To create a sense of movement, Robb tilts, curves, and overlaps the elements. "There are no 90-degree angles, nothing is straight." Often this requires additional fabricating, because he has to cut into the metal element that becomes the receptor for another element. But he says he believes the extra effort is worth it to achieve a more dynamic composition. The overlapping also provides structural support and stability.
Finishing it takes quite a bit longer. "A lot of the highlights on the pieces come from how we finish the metal. We grind everything together before we do final assembly.

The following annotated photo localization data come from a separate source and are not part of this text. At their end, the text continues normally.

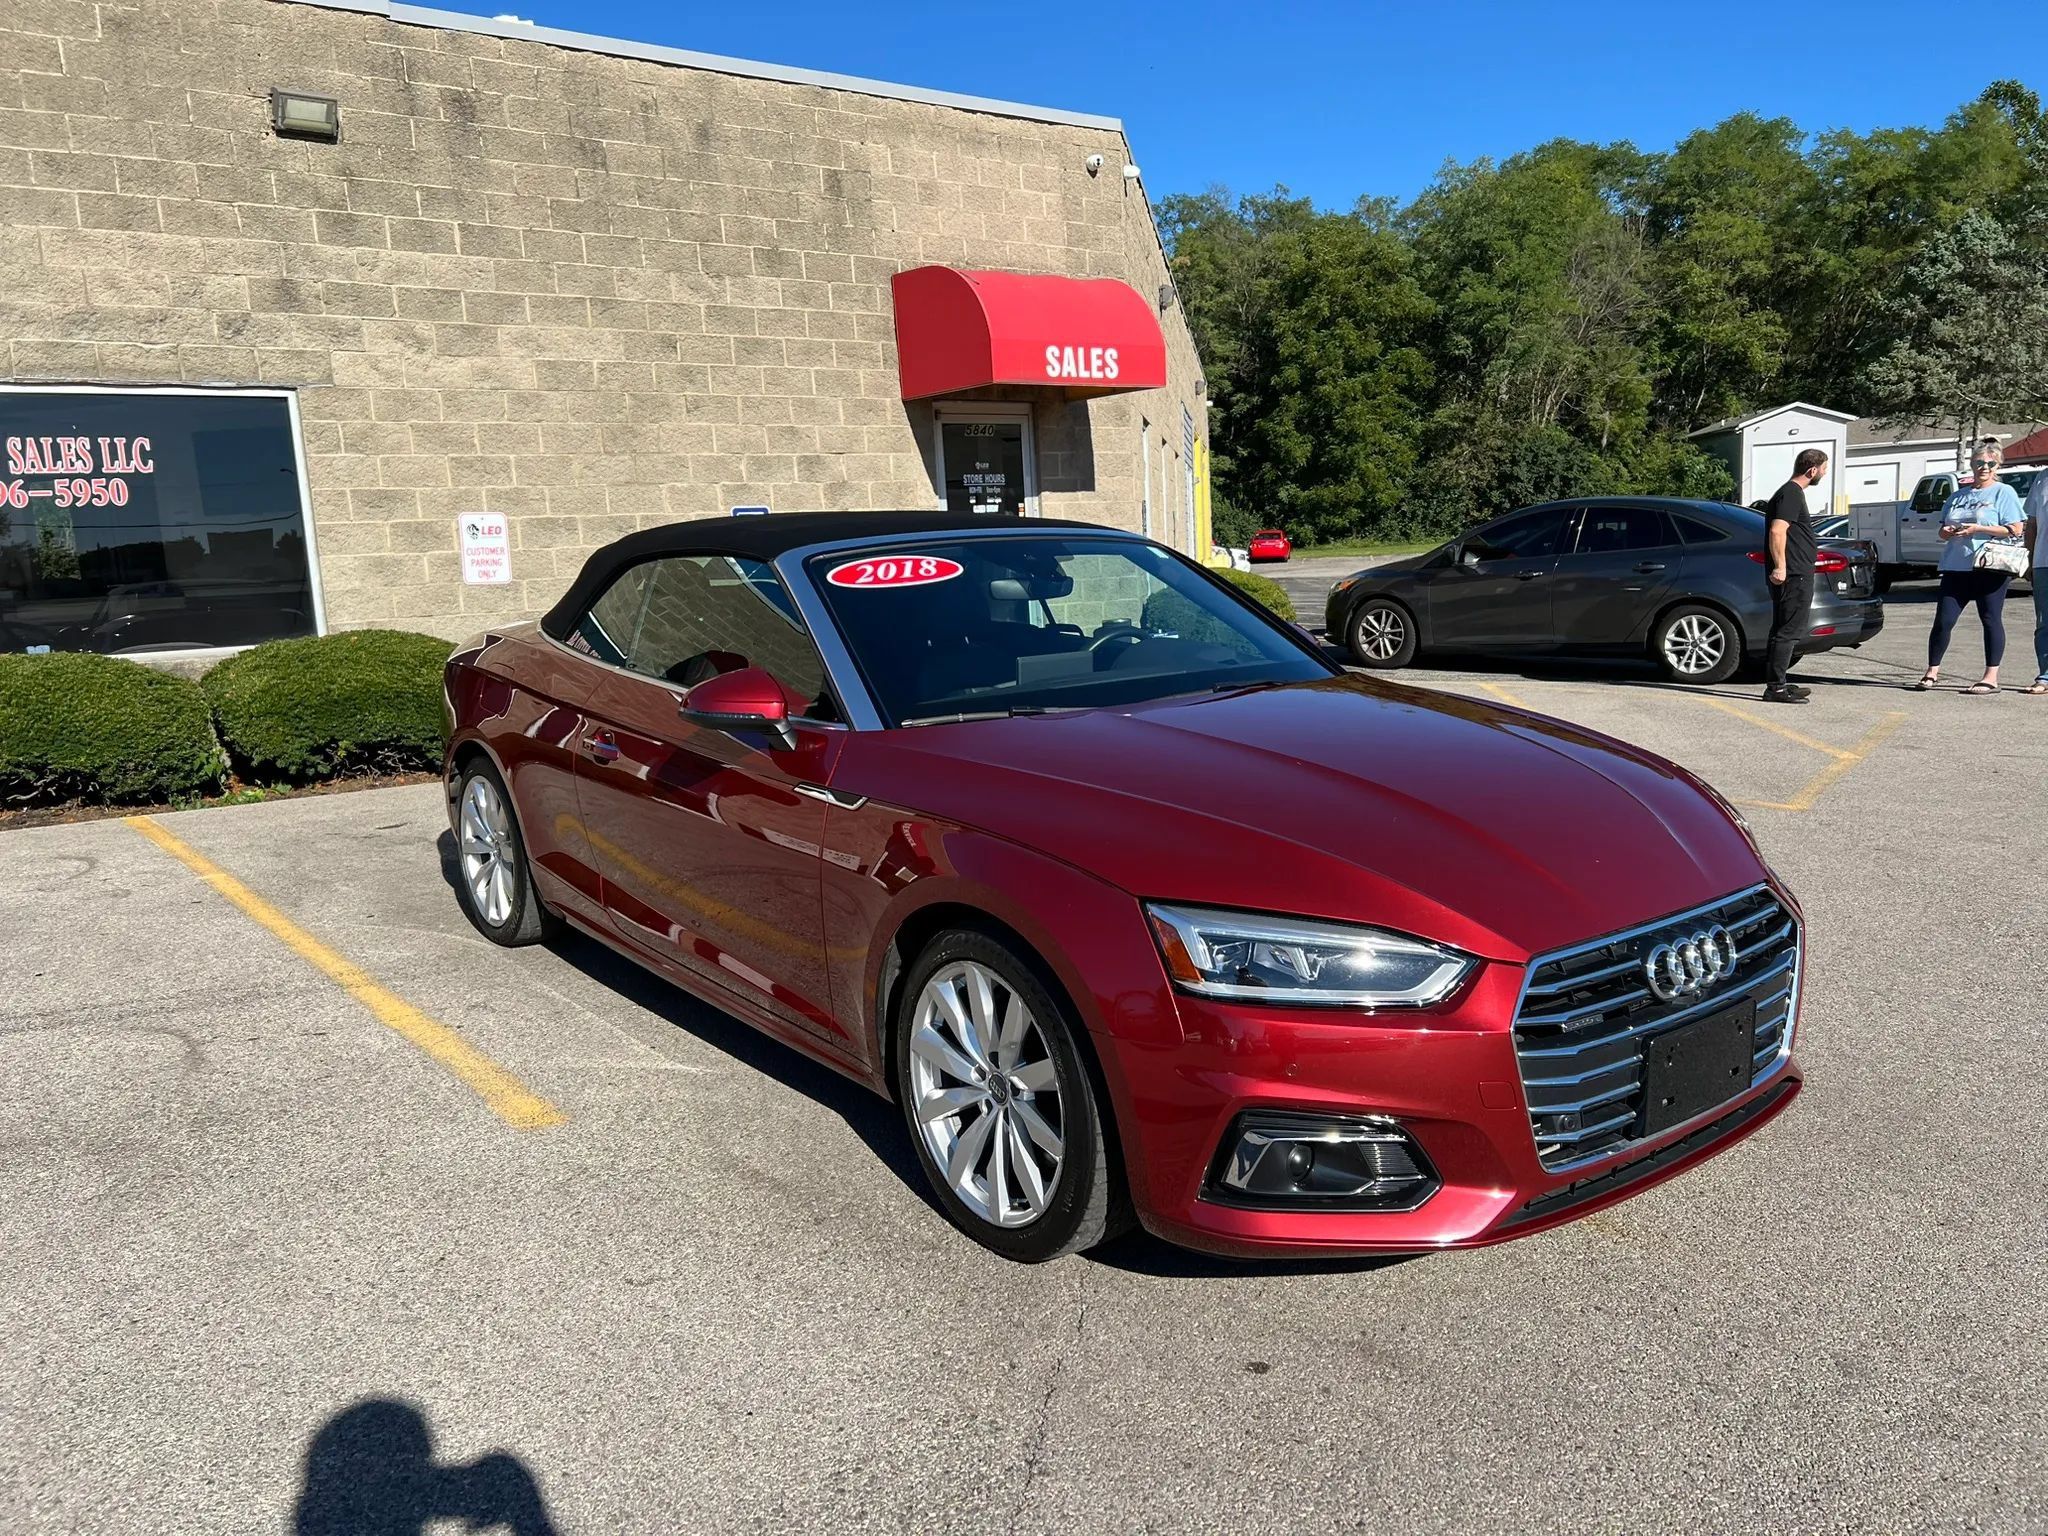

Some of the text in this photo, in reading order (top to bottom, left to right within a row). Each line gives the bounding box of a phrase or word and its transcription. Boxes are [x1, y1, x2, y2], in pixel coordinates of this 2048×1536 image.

[1045, 345, 1119, 379] SALES
[966, 425, 994, 436] 5840
[7, 436, 153, 475] SALES LLC
[963, 473, 1006, 484] STORE HOURS
[481, 526, 502, 535] LEO
[466, 547, 506, 556] CUSTOMER
[471, 558, 503, 567] PARKING
[478, 569, 497, 579] ONLY
[855, 558, 938, 584] 2018
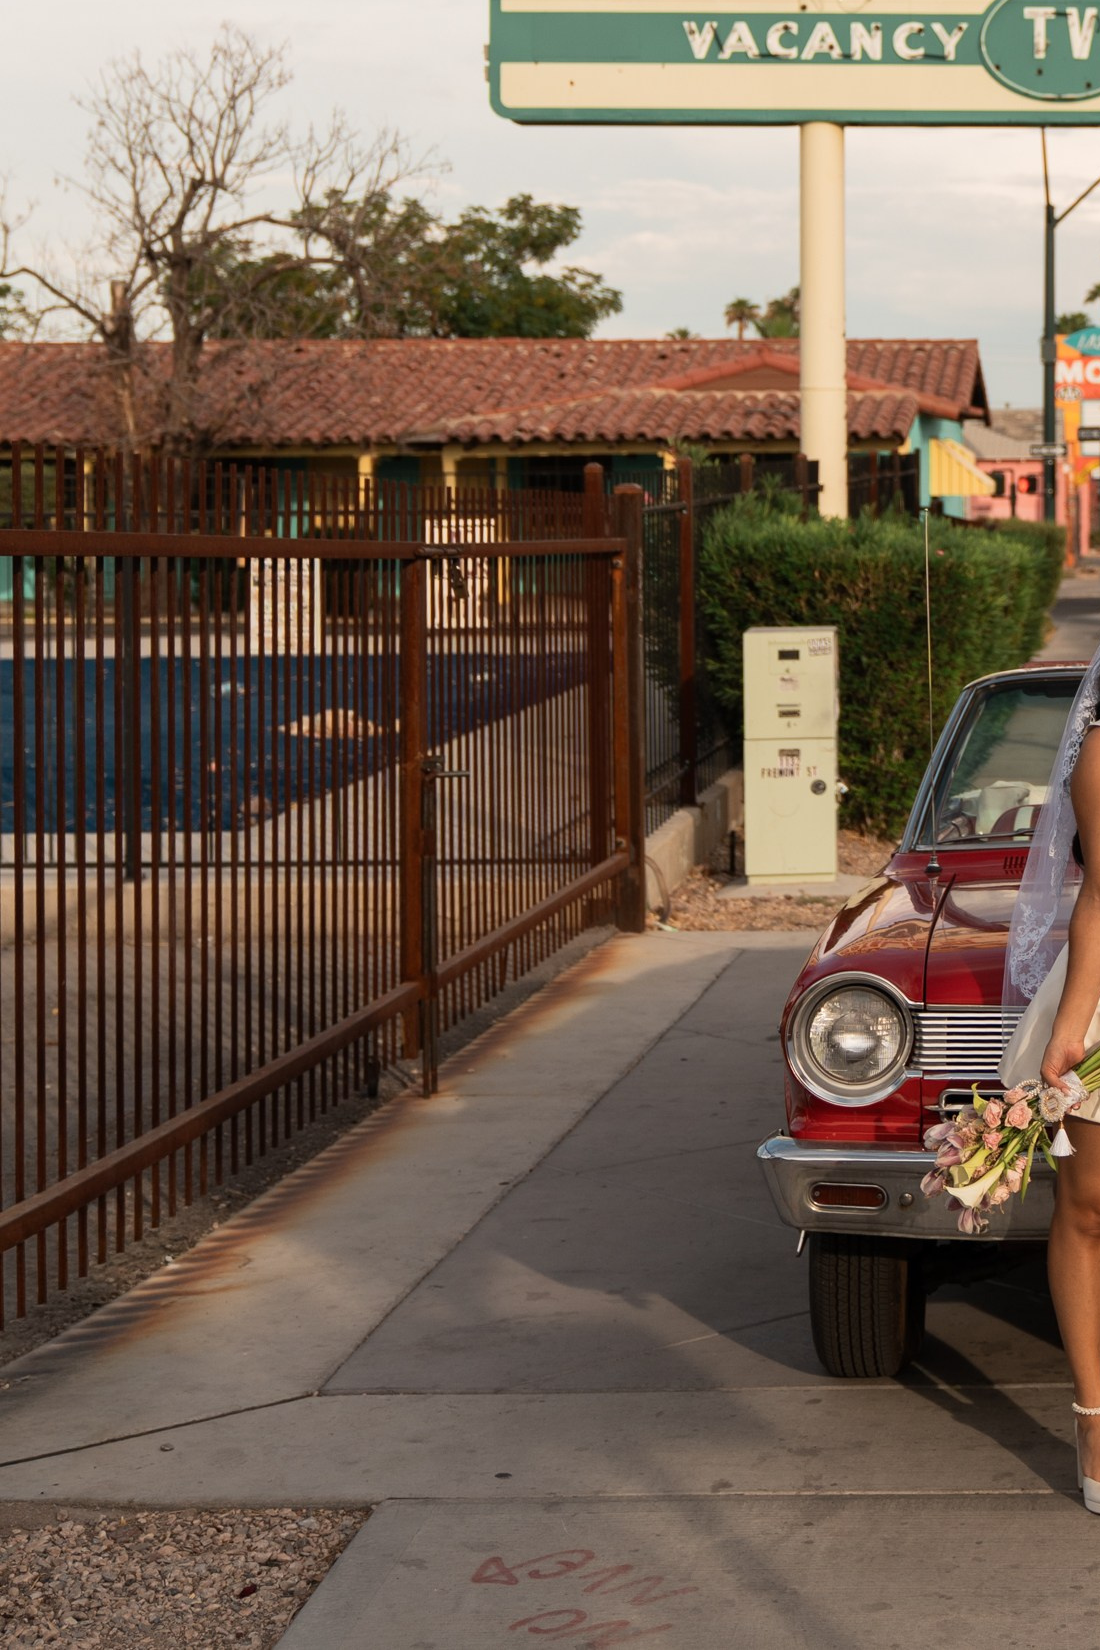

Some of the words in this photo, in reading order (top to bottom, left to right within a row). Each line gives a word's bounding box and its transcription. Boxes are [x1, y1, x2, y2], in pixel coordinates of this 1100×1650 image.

[682, 20, 969, 61] VACANCY
[1023, 6, 1100, 60] TV
[761, 767, 800, 778] FREMONT
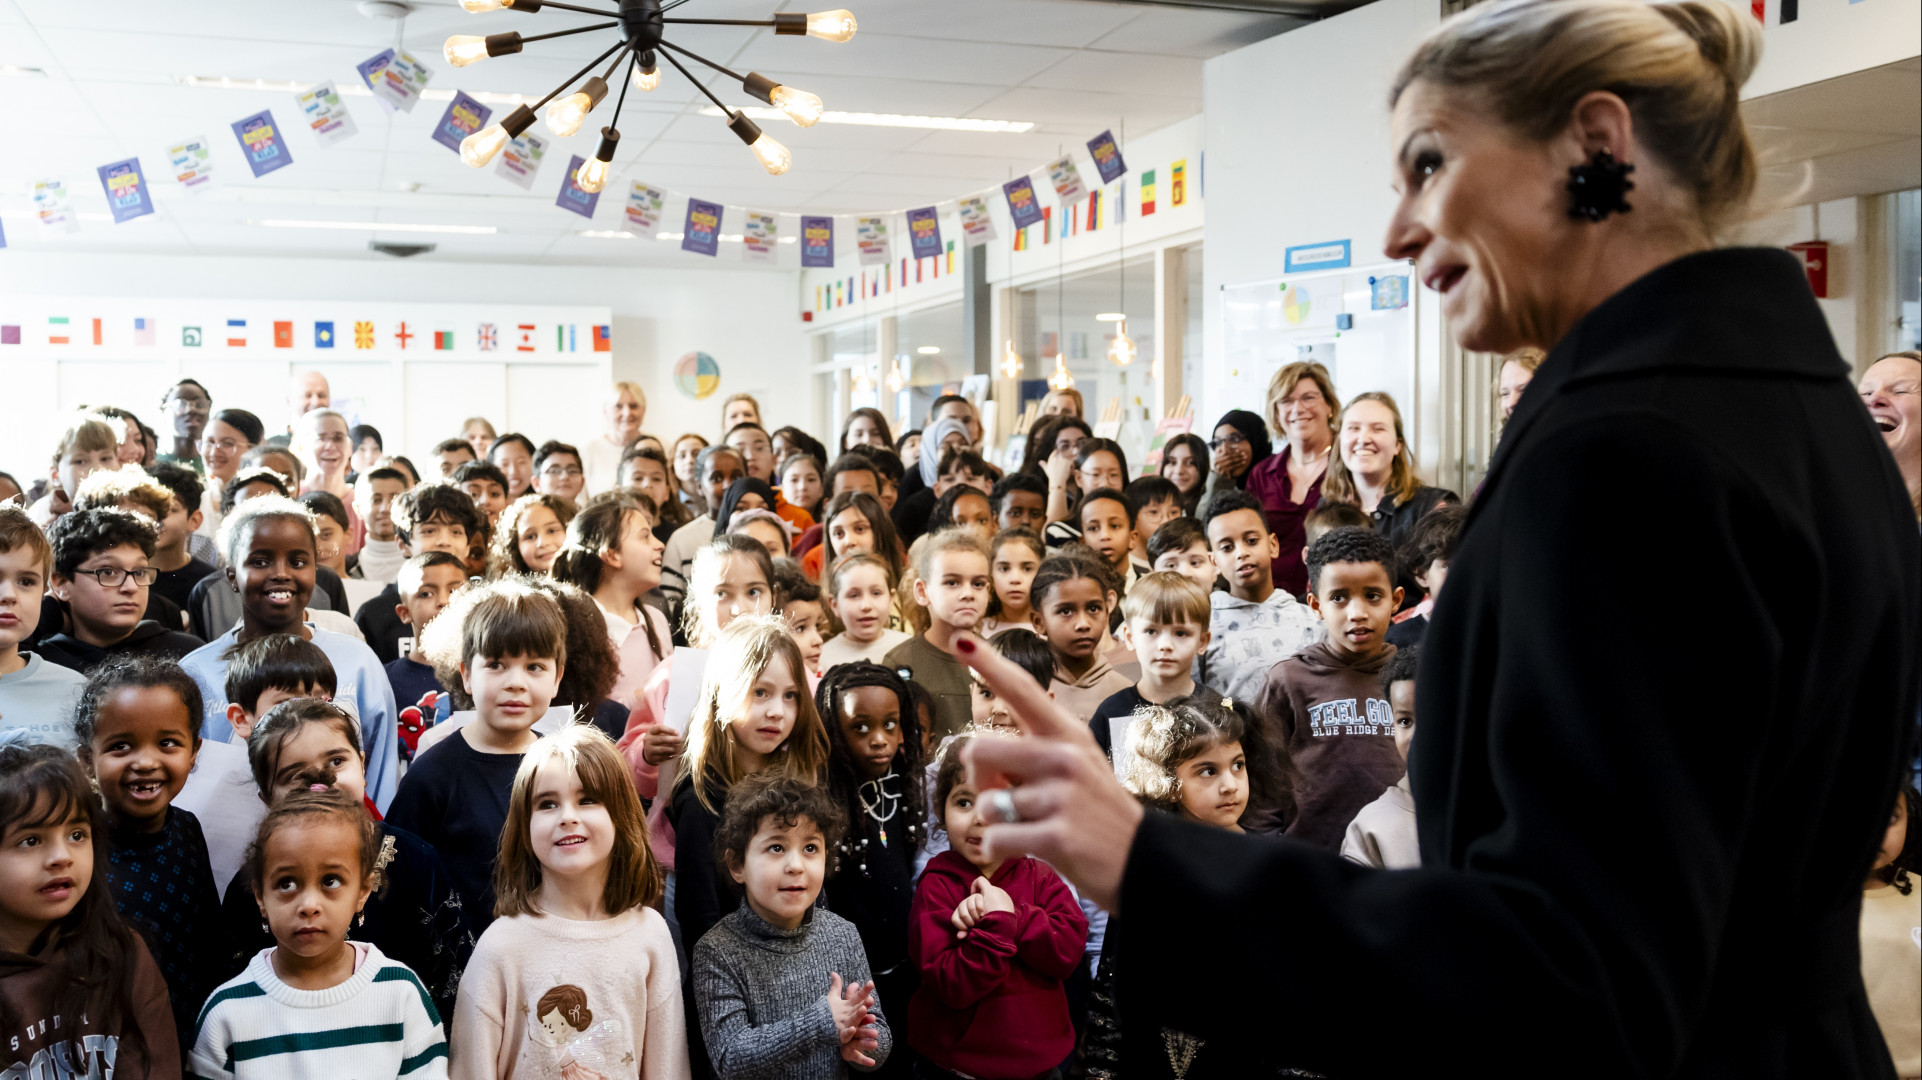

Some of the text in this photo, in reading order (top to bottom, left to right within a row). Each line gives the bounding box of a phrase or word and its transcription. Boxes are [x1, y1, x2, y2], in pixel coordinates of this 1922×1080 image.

[1308, 698, 1365, 727] FEEL
[1312, 726, 1339, 736] BLUE
[1346, 725, 1378, 735] RIDGE
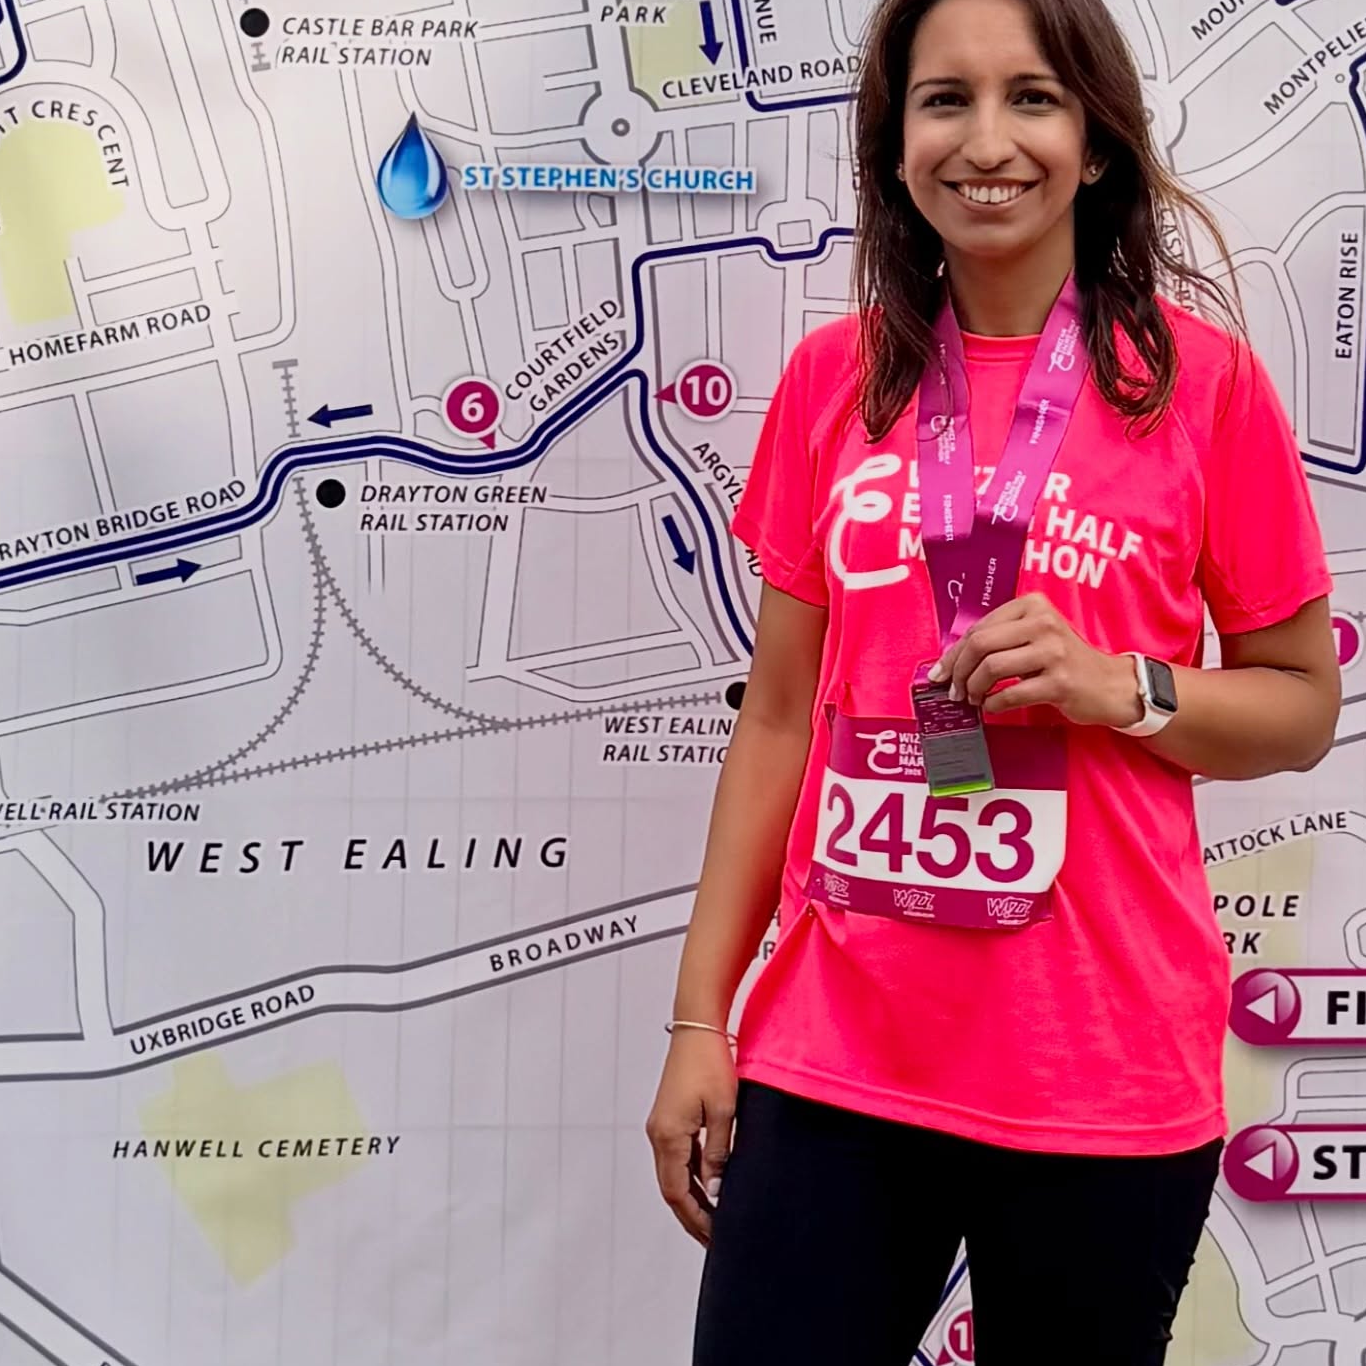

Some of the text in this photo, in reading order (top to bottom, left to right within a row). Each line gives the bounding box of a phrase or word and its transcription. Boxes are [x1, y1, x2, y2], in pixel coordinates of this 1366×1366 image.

[283, 17, 478, 39] CASTLE BAR PARK
[601, 6, 667, 24] PARK
[281, 46, 430, 65] RAIL STATION
[464, 168, 753, 190] ST STEPHEN'S CHURCH
[9, 304, 211, 365] HOMEFARM ROAD
[686, 377, 725, 404] 10
[462, 393, 483, 422] 6
[360, 485, 546, 504] DRAYTON GREEN
[97, 501, 179, 537] BRIDGE
[186, 480, 246, 515] ROAD
[360, 514, 508, 532] RAIL STATION
[1046, 505, 1143, 561] HALF
[48, 803, 98, 820] RAIL
[106, 803, 200, 821] STATION
[826, 783, 1034, 883] 2453
[147, 838, 568, 873] WEST EALING
[490, 916, 638, 972] BROADWAY
[130, 984, 315, 1056] UXBRIDGE ROAD
[113, 1137, 401, 1159] HANWELL CEMETERY

And then I go over it for a final time, and just add some artistic swirls in it, you might say, so that as the light moves across the metal, you almost get these drawings on the metal itself."
Robb said he and his staff are working on a couple of projects now that will be finished and installed by the end of the year that potentially could really change his life. One project involves 28 sculptures for a private residence; another involves six sculptures from 8 to 17 ft. for a commercial property.
"I believe you're always riding on the cusp of something great - you just have to open yourself up to it."